A Sanaa au Yémen, un manifestant brandit le portrait du dignitaire religieux chiite saoudien Nimr Baqer al-Nimr le 18 octobre 2014
A Sanaa au Yémen, un manifestant brandit le portrait du dignitaire religieux chiite saoudien Nimr Baqer al-Nimr le 18 octobre 2014 - © MOHAMMED HUWAIS

L'ambassade d'Arabie Saoudite à Téhéran a été attaquée et incendiée samedi soir par des manifestants en colère après l'exécution du dignitaire religieux chiite saoudien Nimr Baqer al-Nimr, a rapporté l'agence Isna.

Des manifestants ont lancé des cocktails Molotov contre l'ambassade et ont pu pénétrer à l'intérieur de l'enceinte diplomatique avant d'en être évacués par la police, a rapporté l'agence.

"Des flammes s'élèvent à l'intérieur de l'ambassade", rapporte l'agence, qui ajoute que des manifestants avaient réussi à monter sur le toit de l'ambassade.

"Le feu a détruit l'intérieur de l'ambassade", a déclaré à l'AFP un témoin sur place. "La police est omniprésente et a dispersé les manifestants, dont certains ont été arrêtés", a-t-il ajouté.

Sur des photos publiés par certains sites, on peut même voir des manifestants tenir ce qui semble être le drapeau saoudien, qui aurait été retiré.
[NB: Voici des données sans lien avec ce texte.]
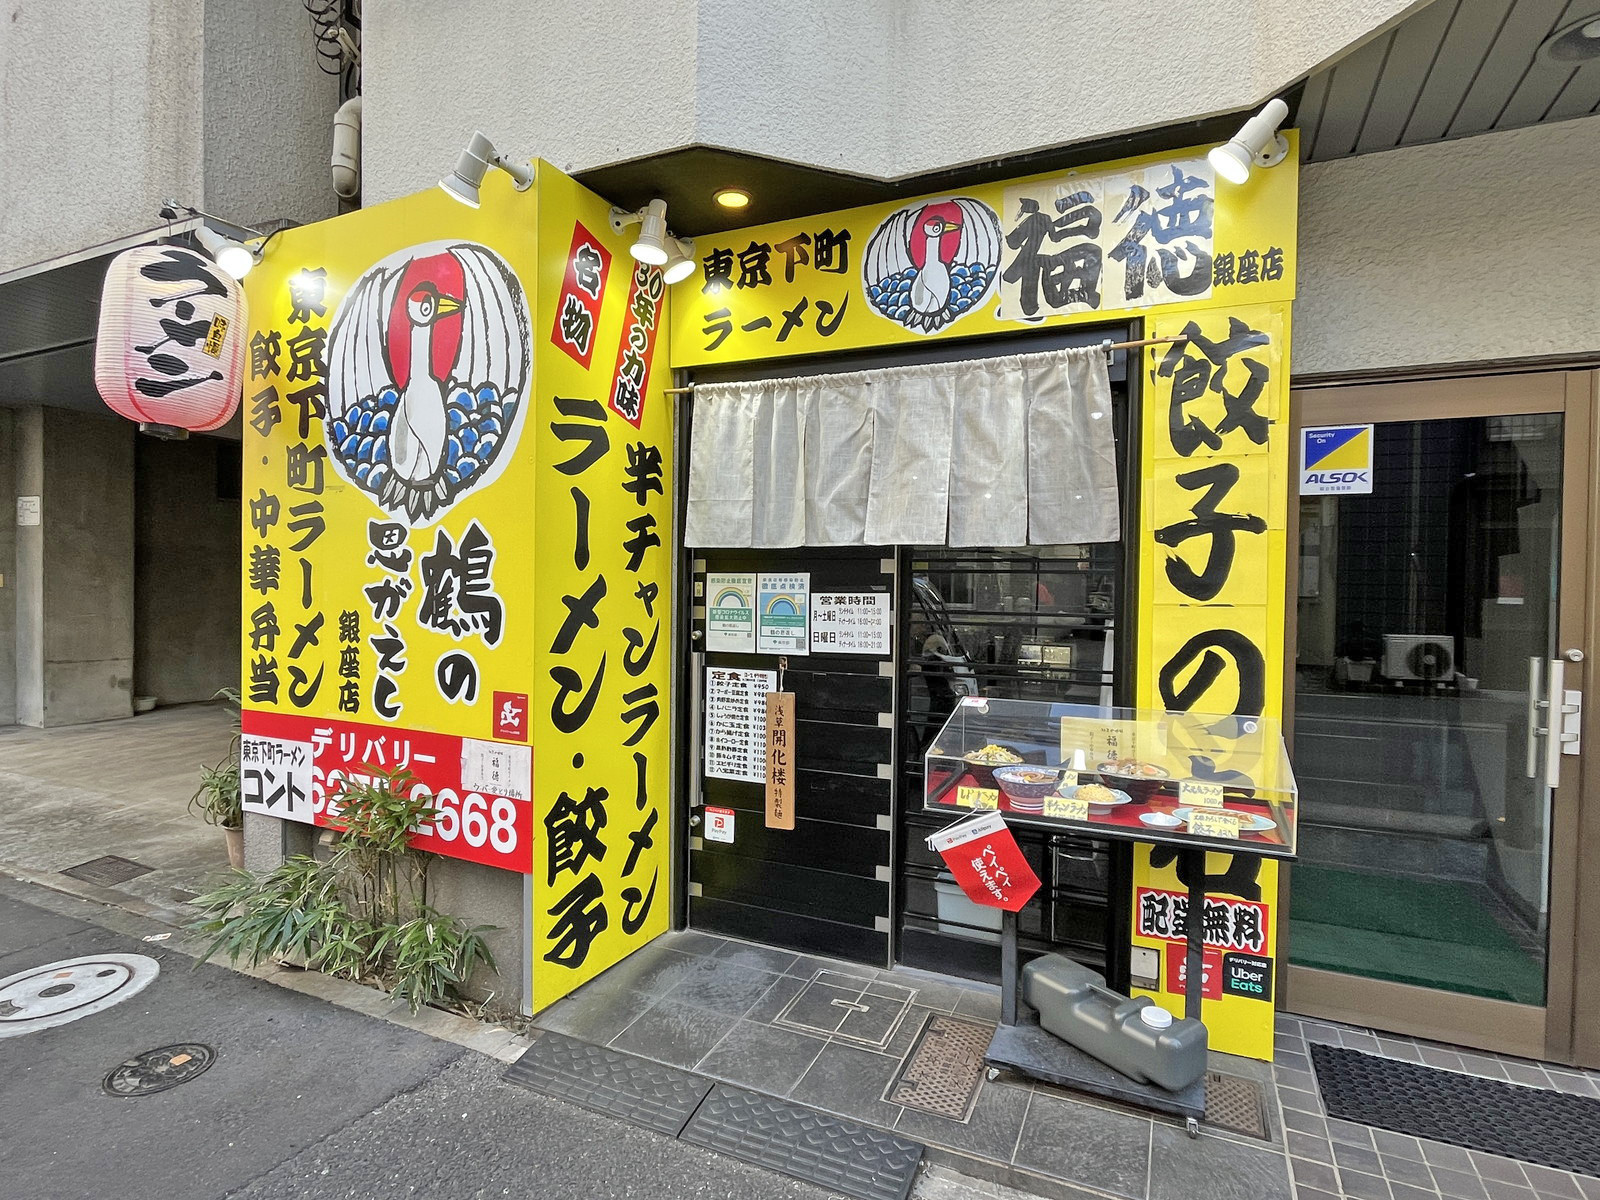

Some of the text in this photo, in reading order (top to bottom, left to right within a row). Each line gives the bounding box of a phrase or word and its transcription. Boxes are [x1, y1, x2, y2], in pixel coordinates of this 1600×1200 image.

[702, 228, 852, 295] 東京下町
[1000, 162, 1214, 317] 福徳
[1212, 246, 1285, 288] 銀座店
[560, 243, 603, 356] 名物
[701, 294, 849, 352] ラーメン
[286, 267, 327, 709] 東京下町ラーメン
[1304, 471, 1369, 485] ALSOK
[419, 518, 503, 704] 鶴の
[820, 595, 876, 606] 営業時間
[813, 631, 836, 643] 日曜日
[337, 609, 362, 717] 銀座店
[711, 670, 742, 681] 定食
[620, 440, 664, 936] 半チャンラーメン
[242, 739, 306, 768] 東京下町ラーメン
[310, 726, 438, 771] デリバリー
[243, 767, 306, 812] コント
[981, 844, 1012, 888] ペイペイ
[1231, 966, 1264, 982] Uber
[1231, 977, 1263, 994] Eats
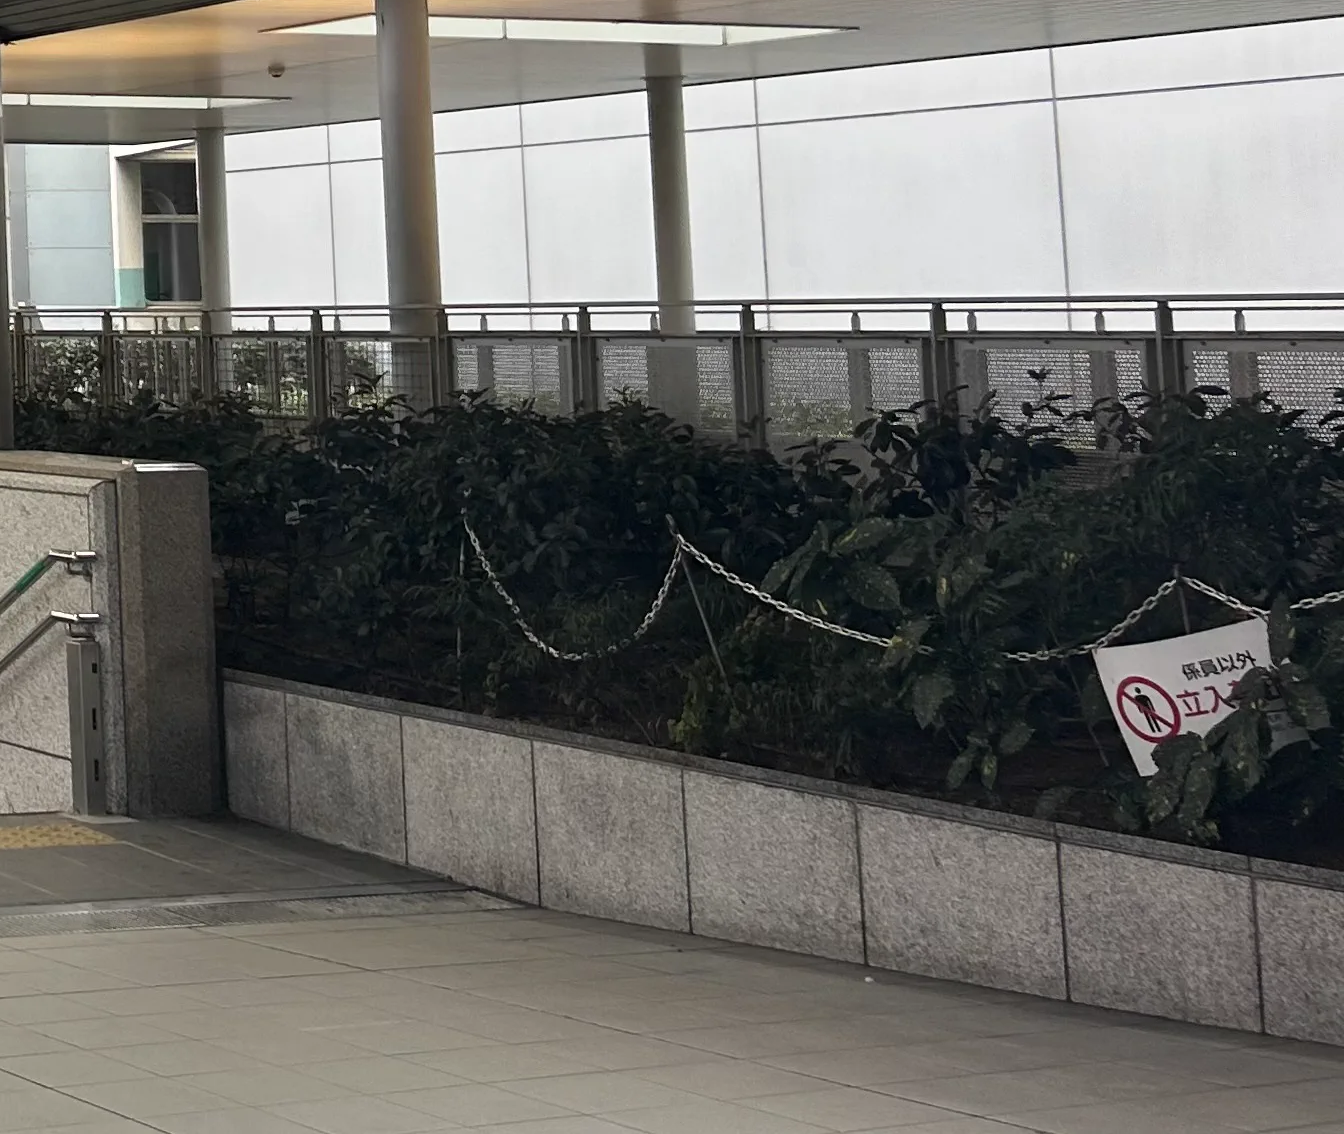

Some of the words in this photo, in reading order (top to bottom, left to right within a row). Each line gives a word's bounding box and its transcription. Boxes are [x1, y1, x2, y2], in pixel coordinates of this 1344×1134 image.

[1181, 649, 1257, 681] 係員以外
[1176, 679, 1241, 717] 立入
A Machhad, seconde ville du pays située dans le nord-est, des manifestants ont également attaqué et incendié le consulat saoudien, selon des sites d'information qui ont publié des photos.
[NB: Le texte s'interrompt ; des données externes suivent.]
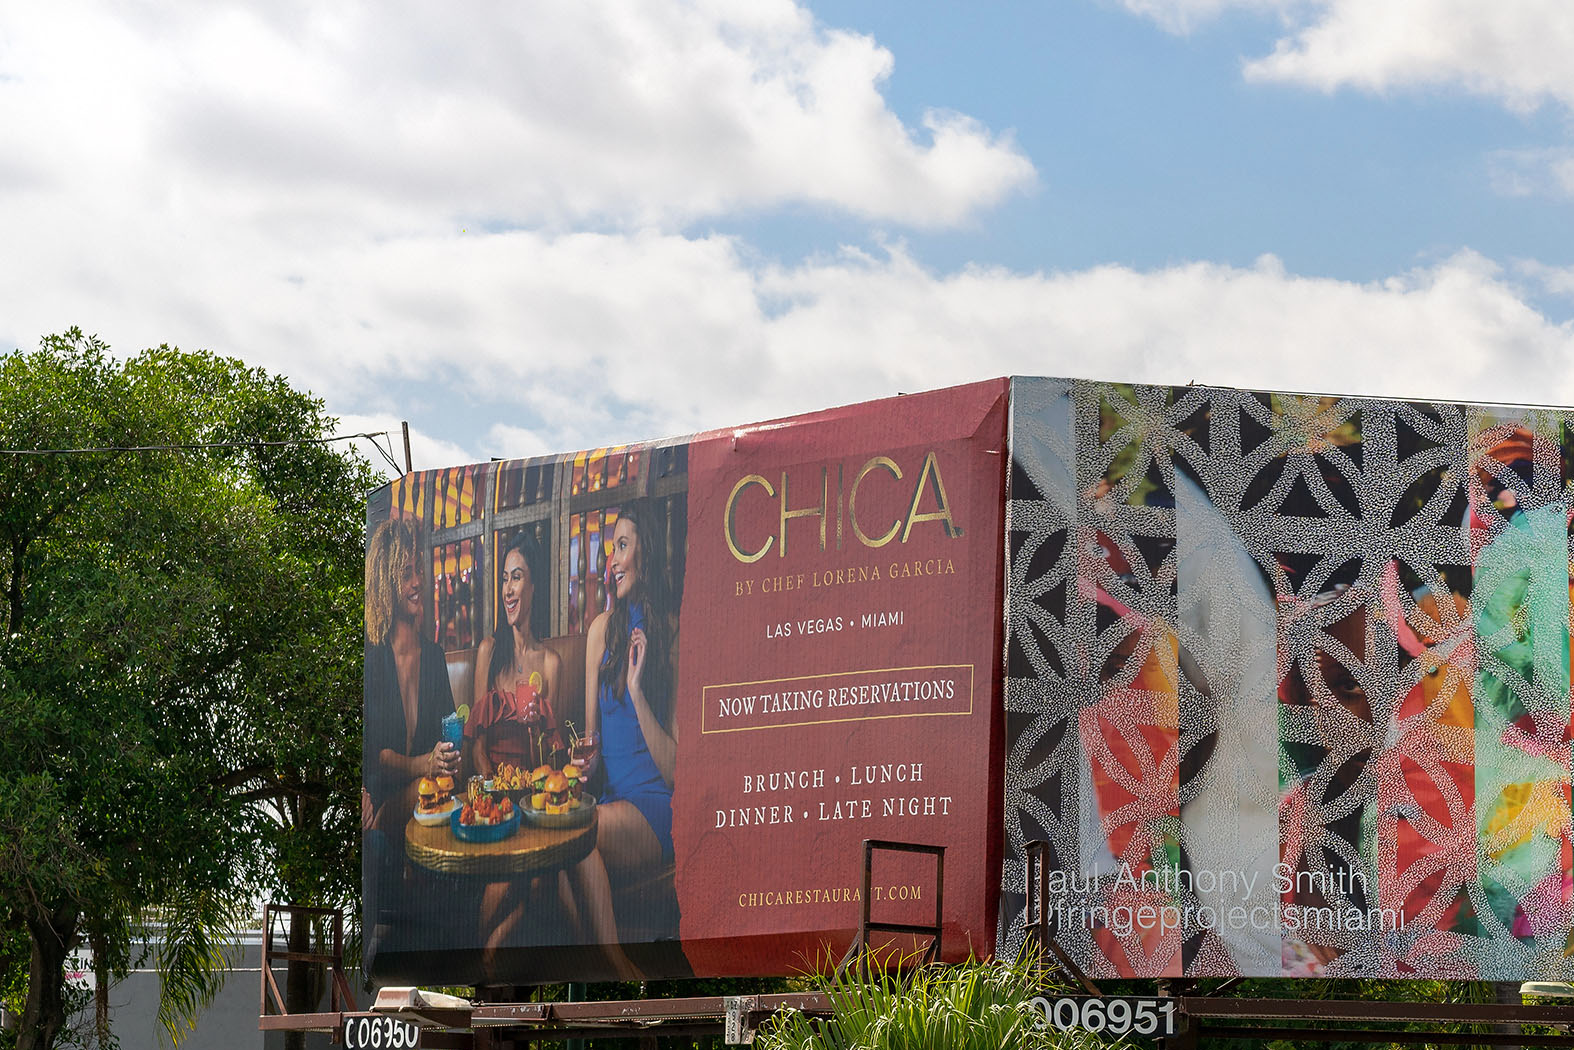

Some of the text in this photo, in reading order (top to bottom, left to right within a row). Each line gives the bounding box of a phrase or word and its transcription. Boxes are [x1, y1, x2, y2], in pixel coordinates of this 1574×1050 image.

[723, 451, 962, 563] CHICA
[735, 559, 956, 596] BY CHEF LORENA GARCIA
[766, 611, 904, 639] LAS VEGAS MIAMI
[718, 680, 955, 718] NOW TAKING RESERVATIONS
[743, 763, 924, 793] BRUNCH LUNCH
[715, 796, 952, 828] DINNER LATE NIGHT
[738, 885, 921, 907] CHICARESTAURAT.COM
[1113, 862, 1259, 899] Anthony
[1272, 862, 1368, 895] Smith
[1029, 996, 1174, 1034] 006951
A la suite de ces incidents, le porte-parole du ministère des Affaires étrangères, Hossein Jaber Ansari, a demandé à la police diplomatique de protéger les enceintes diplomatiques.

M. Jaber Ansari, "tout en condamnant de nouveau l'exécution injuste du dignitaire religieux Nimr al-Nimr, a demandé la protection des représentations diplomatiques de l'Arabie Saoudite à Téhéran et à Machhad (...) et a demandé à la police d'empêcher toute manifestation devant ces lieux", ont rapporté les médias iraniens.

D'importantes forces de police sont intervenues à Téhéran et à Machhad pour reprendre la situation en main et faire sortir les manifestants.

A Téhéran, le quartier de l'ambassade était totalement bouclé après minuit et les policiers empêchaient les gens de se rapprocher de la représentation diplomatique, a constaté un journaliste de l'AFP.

L'Iran a vigoureusement condamné l'exécution du dignitaire religieux saoudien et affirmé que le gouvernement saoudien allait payer un "prix élevé" pour cet acte.